Collected data entries:
+++

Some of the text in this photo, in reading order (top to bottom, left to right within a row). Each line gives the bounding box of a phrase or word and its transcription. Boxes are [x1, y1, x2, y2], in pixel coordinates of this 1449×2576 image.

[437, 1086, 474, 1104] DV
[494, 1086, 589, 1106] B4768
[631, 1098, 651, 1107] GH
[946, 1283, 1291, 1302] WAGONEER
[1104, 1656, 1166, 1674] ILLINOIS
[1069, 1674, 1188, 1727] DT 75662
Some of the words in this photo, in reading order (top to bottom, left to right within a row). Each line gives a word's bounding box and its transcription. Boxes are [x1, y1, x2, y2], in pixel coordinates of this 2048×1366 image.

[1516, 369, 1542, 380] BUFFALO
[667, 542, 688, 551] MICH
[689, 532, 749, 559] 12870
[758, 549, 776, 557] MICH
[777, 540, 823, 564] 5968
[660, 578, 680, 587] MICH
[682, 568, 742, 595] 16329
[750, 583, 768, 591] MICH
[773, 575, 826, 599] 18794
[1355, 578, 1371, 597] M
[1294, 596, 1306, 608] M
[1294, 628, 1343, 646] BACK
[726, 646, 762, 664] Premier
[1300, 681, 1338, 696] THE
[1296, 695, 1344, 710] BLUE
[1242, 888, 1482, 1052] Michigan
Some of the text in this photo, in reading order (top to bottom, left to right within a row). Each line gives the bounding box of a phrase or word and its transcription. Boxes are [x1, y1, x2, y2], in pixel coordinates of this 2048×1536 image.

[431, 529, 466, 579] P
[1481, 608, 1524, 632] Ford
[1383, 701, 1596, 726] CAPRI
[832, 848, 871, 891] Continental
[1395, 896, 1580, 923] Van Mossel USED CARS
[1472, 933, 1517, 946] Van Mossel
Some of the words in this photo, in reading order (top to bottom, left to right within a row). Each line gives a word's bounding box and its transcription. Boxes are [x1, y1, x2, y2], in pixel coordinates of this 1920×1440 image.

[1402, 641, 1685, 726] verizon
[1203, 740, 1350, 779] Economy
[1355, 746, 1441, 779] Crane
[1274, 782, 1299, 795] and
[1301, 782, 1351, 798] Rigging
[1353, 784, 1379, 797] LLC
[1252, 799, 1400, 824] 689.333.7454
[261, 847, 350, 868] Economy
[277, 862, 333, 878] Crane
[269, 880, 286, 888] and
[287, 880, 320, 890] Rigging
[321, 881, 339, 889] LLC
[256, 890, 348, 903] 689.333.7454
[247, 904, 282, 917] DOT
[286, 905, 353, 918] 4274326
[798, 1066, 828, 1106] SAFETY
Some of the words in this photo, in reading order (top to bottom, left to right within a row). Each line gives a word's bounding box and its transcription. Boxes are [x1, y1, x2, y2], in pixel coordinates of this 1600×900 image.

+++

EXERCISE AIM. Exactly as they appear above, the records are to be transcribed in full.

SOLUTION TO THIS TASK.
Some of the text in this photo, in reading order (top to bottom, left to right within a row). Each line gives the bounding box of a phrase or word and its transcription. Boxes are [x1, y1, x2, y2], in pixel coordinates of this 1449×2576 image.

[437, 1086, 474, 1104] DV
[494, 1086, 589, 1106] B4768
[631, 1098, 651, 1107] GH
[946, 1283, 1291, 1302] WAGONEER
[1104, 1656, 1166, 1674] ILLINOIS
[1069, 1674, 1188, 1727] DT 75662
Some of the words in this photo, in reading order (top to bottom, left to right within a row). Each line gives a word's bounding box and its transcription. Boxes are [x1, y1, x2, y2], in pixel coordinates of this 2048×1366 image.

[1516, 369, 1542, 380] BUFFALO
[667, 542, 688, 551] MICH
[689, 532, 749, 559] 12870
[758, 549, 776, 557] MICH
[777, 540, 823, 564] 5968
[660, 578, 680, 587] MICH
[682, 568, 742, 595] 16329
[750, 583, 768, 591] MICH
[773, 575, 826, 599] 18794
[1355, 578, 1371, 597] M
[1294, 596, 1306, 608] M
[1294, 628, 1343, 646] BACK
[726, 646, 762, 664] Premier
[1300, 681, 1338, 696] THE
[1296, 695, 1344, 710] BLUE
[1242, 888, 1482, 1052] Michigan
Some of the text in this photo, in reading order (top to bottom, left to right within a row). Each line gives the bounding box of a phrase or word and its transcription. Boxes are [x1, y1, x2, y2], in pixel coordinates of this 2048×1536 image.

[431, 529, 466, 579] P
[1481, 608, 1524, 632] Ford
[1383, 701, 1596, 726] CAPRI
[832, 848, 871, 891] Continental
[1395, 896, 1580, 923] Van Mossel USED CARS
[1472, 933, 1517, 946] Van Mossel
Some of the words in this photo, in reading order (top to bottom, left to right within a row). Each line gives a word's bounding box and its transcription. Boxes are [x1, y1, x2, y2], in pixel coordinates of this 1920×1440 image.

[1402, 641, 1685, 726] verizon
[1203, 740, 1350, 779] Economy
[1355, 746, 1441, 779] Crane
[1274, 782, 1299, 795] and
[1301, 782, 1351, 798] Rigging
[1353, 784, 1379, 797] LLC
[1252, 799, 1400, 824] 689.333.7454
[261, 847, 350, 868] Economy
[277, 862, 333, 878] Crane
[269, 880, 286, 888] and
[287, 880, 320, 890] Rigging
[321, 881, 339, 889] LLC
[256, 890, 348, 903] 689.333.7454
[247, 904, 282, 917] DOT
[286, 905, 353, 918] 4274326
[798, 1066, 828, 1106] SAFETY
Some of the words in this photo, in reading order (top to bottom, left to right within a row). Each line gives a word's bounding box and its transcription. Boxes are [x1, y1, x2, y2], in pixel coordinates of this 1600×900 image.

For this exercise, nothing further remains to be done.